Records to use: Begin

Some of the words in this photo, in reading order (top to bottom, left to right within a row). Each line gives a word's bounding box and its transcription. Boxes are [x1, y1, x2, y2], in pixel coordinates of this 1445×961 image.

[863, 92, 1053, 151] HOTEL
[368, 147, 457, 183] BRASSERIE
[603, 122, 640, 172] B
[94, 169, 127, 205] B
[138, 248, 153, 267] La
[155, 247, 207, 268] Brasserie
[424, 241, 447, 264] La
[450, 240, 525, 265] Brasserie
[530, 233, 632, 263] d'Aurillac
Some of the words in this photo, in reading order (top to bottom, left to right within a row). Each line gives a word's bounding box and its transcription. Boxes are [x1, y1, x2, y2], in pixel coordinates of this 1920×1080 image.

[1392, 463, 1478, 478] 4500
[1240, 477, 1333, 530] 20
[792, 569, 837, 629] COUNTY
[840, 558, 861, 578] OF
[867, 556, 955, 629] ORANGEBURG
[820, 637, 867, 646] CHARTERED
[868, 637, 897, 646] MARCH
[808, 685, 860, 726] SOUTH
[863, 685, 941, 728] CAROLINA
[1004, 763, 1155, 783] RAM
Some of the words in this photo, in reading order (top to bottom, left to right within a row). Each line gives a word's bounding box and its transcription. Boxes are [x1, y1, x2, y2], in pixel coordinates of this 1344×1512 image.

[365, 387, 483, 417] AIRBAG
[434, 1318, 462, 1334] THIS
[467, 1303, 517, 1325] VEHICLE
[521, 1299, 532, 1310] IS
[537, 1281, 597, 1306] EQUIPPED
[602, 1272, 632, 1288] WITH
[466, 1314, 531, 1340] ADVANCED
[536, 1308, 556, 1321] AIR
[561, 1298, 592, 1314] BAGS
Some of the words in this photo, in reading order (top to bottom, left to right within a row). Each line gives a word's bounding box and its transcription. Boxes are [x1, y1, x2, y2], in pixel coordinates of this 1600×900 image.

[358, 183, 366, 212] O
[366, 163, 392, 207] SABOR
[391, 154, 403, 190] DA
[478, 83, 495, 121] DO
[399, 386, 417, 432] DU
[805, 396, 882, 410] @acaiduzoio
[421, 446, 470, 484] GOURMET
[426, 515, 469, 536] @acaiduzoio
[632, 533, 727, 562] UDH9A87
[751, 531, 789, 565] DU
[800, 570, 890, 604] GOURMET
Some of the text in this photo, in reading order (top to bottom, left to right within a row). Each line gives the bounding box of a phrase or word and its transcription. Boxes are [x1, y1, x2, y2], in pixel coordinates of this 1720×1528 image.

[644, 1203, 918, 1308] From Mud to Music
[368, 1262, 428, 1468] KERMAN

Records to use: End

Write the data above out again in full, exactly.

Some of the words in this photo, in reading order (top to bottom, left to right within a row). Each line gives a word's bounding box and its transcription. Boxes are [x1, y1, x2, y2], in pixel coordinates of this 1445×961 image.

[863, 92, 1053, 151] HOTEL
[368, 147, 457, 183] BRASSERIE
[603, 122, 640, 172] B
[94, 169, 127, 205] B
[138, 248, 153, 267] La
[155, 247, 207, 268] Brasserie
[424, 241, 447, 264] La
[450, 240, 525, 265] Brasserie
[530, 233, 632, 263] d'Aurillac
Some of the words in this photo, in reading order (top to bottom, left to right within a row). Each line gives a word's bounding box and its transcription. Boxes are [x1, y1, x2, y2], in pixel coordinates of this 1920×1080 image.

[1392, 463, 1478, 478] 4500
[1240, 477, 1333, 530] 20
[792, 569, 837, 629] COUNTY
[840, 558, 861, 578] OF
[867, 556, 955, 629] ORANGEBURG
[820, 637, 867, 646] CHARTERED
[868, 637, 897, 646] MARCH
[808, 685, 860, 726] SOUTH
[863, 685, 941, 728] CAROLINA
[1004, 763, 1155, 783] RAM
Some of the words in this photo, in reading order (top to bottom, left to right within a row). Each line gives a word's bounding box and its transcription. Boxes are [x1, y1, x2, y2], in pixel coordinates of this 1344×1512 image.

[365, 387, 483, 417] AIRBAG
[434, 1318, 462, 1334] THIS
[467, 1303, 517, 1325] VEHICLE
[521, 1299, 532, 1310] IS
[537, 1281, 597, 1306] EQUIPPED
[602, 1272, 632, 1288] WITH
[466, 1314, 531, 1340] ADVANCED
[536, 1308, 556, 1321] AIR
[561, 1298, 592, 1314] BAGS
Some of the words in this photo, in reading order (top to bottom, left to right within a row). Each line gives a word's bounding box and its transcription. Boxes are [x1, y1, x2, y2], in pixel coordinates of this 1600×900 image.

[358, 183, 366, 212] O
[366, 163, 392, 207] SABOR
[391, 154, 403, 190] DA
[478, 83, 495, 121] DO
[399, 386, 417, 432] DU
[805, 396, 882, 410] @acaiduzoio
[421, 446, 470, 484] GOURMET
[426, 515, 469, 536] @acaiduzoio
[632, 533, 727, 562] UDH9A87
[751, 531, 789, 565] DU
[800, 570, 890, 604] GOURMET
Some of the text in this photo, in reading order (top to bottom, left to right within a row). Each line gives the bounding box of a phrase or word and its transcription. Boxes are [x1, y1, x2, y2], in pixel coordinates of this 1720×1528 image.

[644, 1203, 918, 1308] From Mud to Music
[368, 1262, 428, 1468] KERMAN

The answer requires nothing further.